After passing in review all these summer joys of Budapest, we decided to stay at home.

The children enjoyed it. They went marketing with cook, down below Francis Joseph Bridge, to the Central Market Hall, where flat barges discard their loads of fruit and vegetables at dawn, and mountains of melons and cabbages, of cucumbers, and, above all, of paprika, Hungary's national spice, rise on the embankment. They helped her carry home choice specimens of the screeching army of fattened geese and juvenile chickens, to be bereft of their enormous livers or fried in crisp bread crumbs and set afloat in paprika sauce, respectively, for the benefit of the family.

The daily round of summer housekeeping in Hungary went on. Midday dinner remained the feature of the day, a regular three-course meal, and preserves had to be put up. Labor-saving in Hungary is as yet a dream. Of course, there are conserve factories. The rich, mellow cherries, apricots, and peaches, with the glow that the dry, warm climate and the volcanic soil lend to Hungarian fruit, stand in canned rows on grocers' shelves here, as elsewhere, to be had for the asking; but few really selfrespecting Hungarian housewives do ask for them.

When we had finished the apricot jam and the candied strawberries, there came a clay when the cook, the housemaid, and I wallowed in tomato sauce. Then two bricklayers sprawled upon the bathroom floor, since summer is the time for repairs,

and a youth undertook to paint the bedroom ceiling, pacing the room, huge as a primeval giant, using his ladders for stilts and whistling melancholy tunes from morning till night. Thereupon I sat down and declared I was through.
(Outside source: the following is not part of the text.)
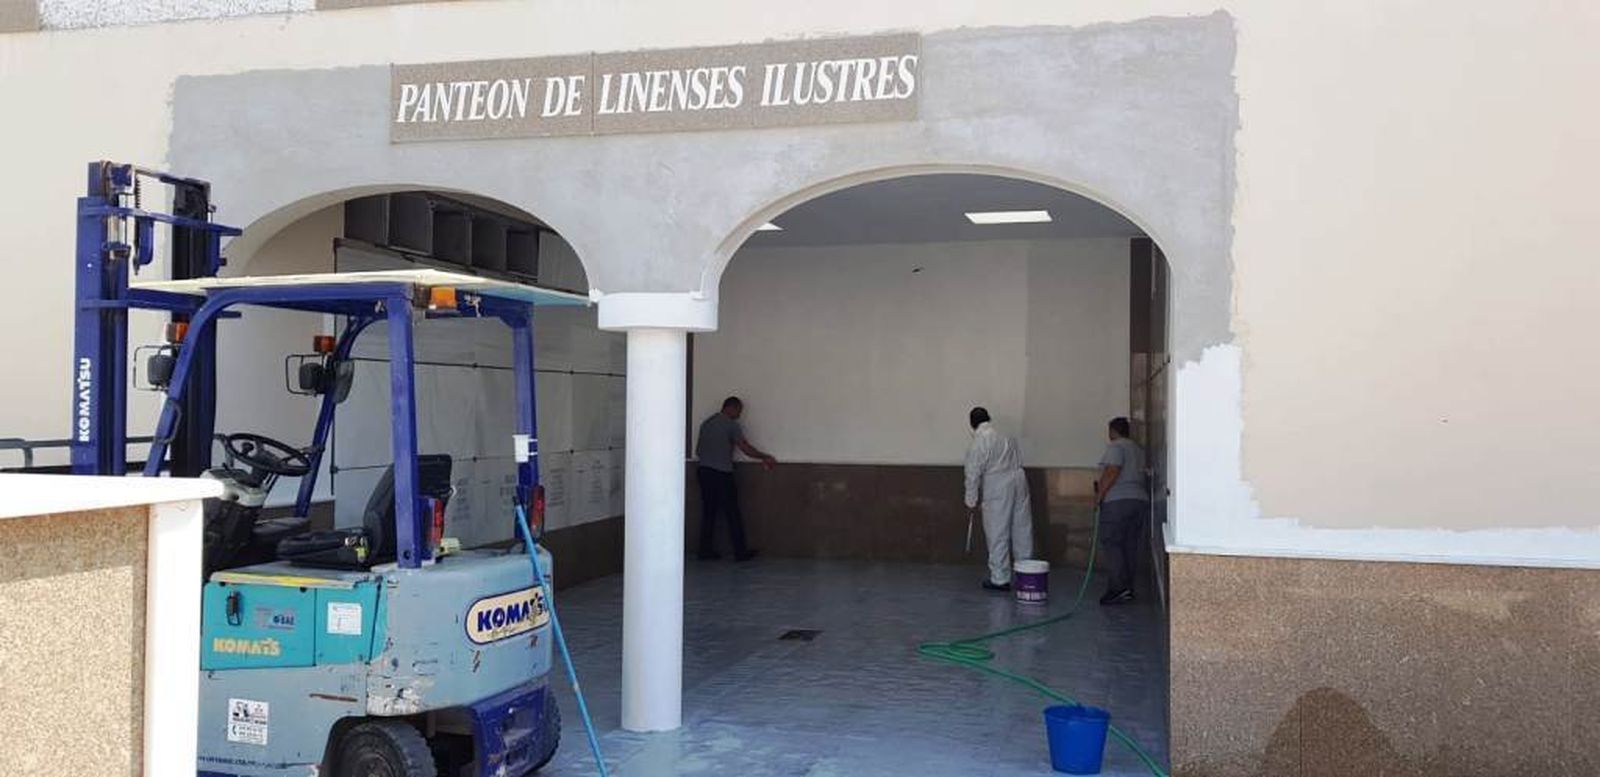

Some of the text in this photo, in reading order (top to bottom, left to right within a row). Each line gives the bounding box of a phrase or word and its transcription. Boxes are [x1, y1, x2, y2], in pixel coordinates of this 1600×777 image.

[397, 55, 918, 123] PANTEON DE LINENSES ILUSTRES
[78, 357, 91, 442] KOMATSU
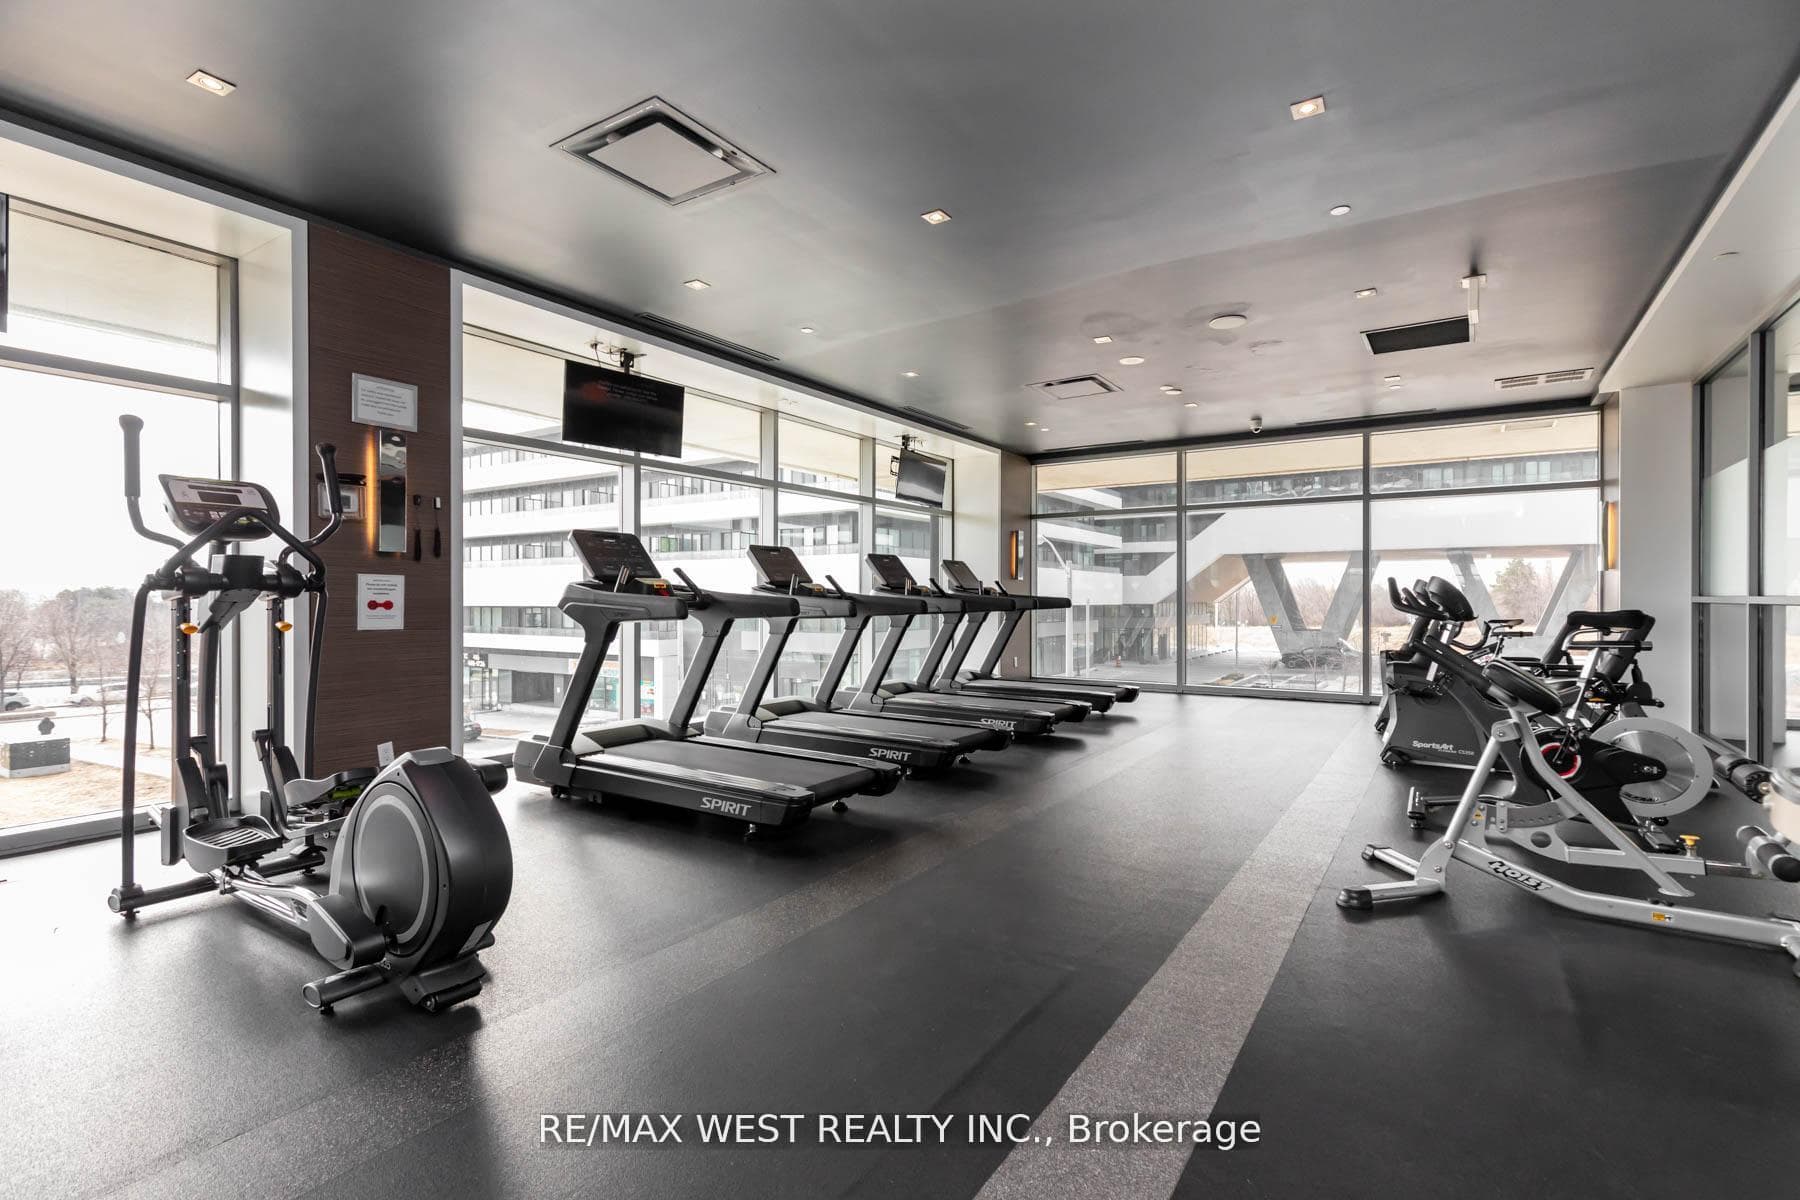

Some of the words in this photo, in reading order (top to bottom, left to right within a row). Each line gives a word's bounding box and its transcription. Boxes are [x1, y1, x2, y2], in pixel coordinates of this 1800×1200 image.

"Very well," the head of the family acquiesced. "But you are not to start over again, tiring yourself out with getting clothes and shutting up the apartment and that sort of thing. We will spend a fortnight with the Sághys at their Balaton estate; they have asked us ever so often. We don't need clothes there. And as soon as they have a new batch of visitors coming in, we'll just take tó our heels and roam about the country for a bit. The Carpathians might be cooler, but `see Hungary first' is not a bad slogan."

THE FIRST BUDAPEST BRIDGE NEARLY A CENTURY OLD

The night before we started a lovely thunderstorm broke over Budapest. A fierce deluge of almost tropical rain washed the trees, the hills, the houses, to a gemlike morning brilliance.

The car that was to take us to our destination sped across Chain Bridge, the first that had joined Buda to Pest a little less than a hundred years ago, taking the place of the old boat bridge that used to be put up every summer. Count Stephen Széchenyi was one of those great dreamers of Hungarian dreams whose career ended in tragic defeat, but he had realized some of his great conceptions, at least : the Chain Bridge, Danube regulation, and the Academy of Science, in front of which stands his statue.

Our son István is young enough to shudder every time we pass below the St. Gellért Memorial upon the cliffs (see page 742), supposedly on the very spot from which the martyr bishop, who first tried to convert stiff-necked pagan Magyars to Christendom, was rolled down in a barrel into the angry river.

Soon the fates of bishops and martyrs were forgotten in the delights of "real country." One can drive miles and miles

and miles in Hungary without seeing a trace of human habitations. Even in the districts west of the Danube, which are by far the most densely inhabited, villages and houses are few and far between. There is no waste land, however, in this part of the country.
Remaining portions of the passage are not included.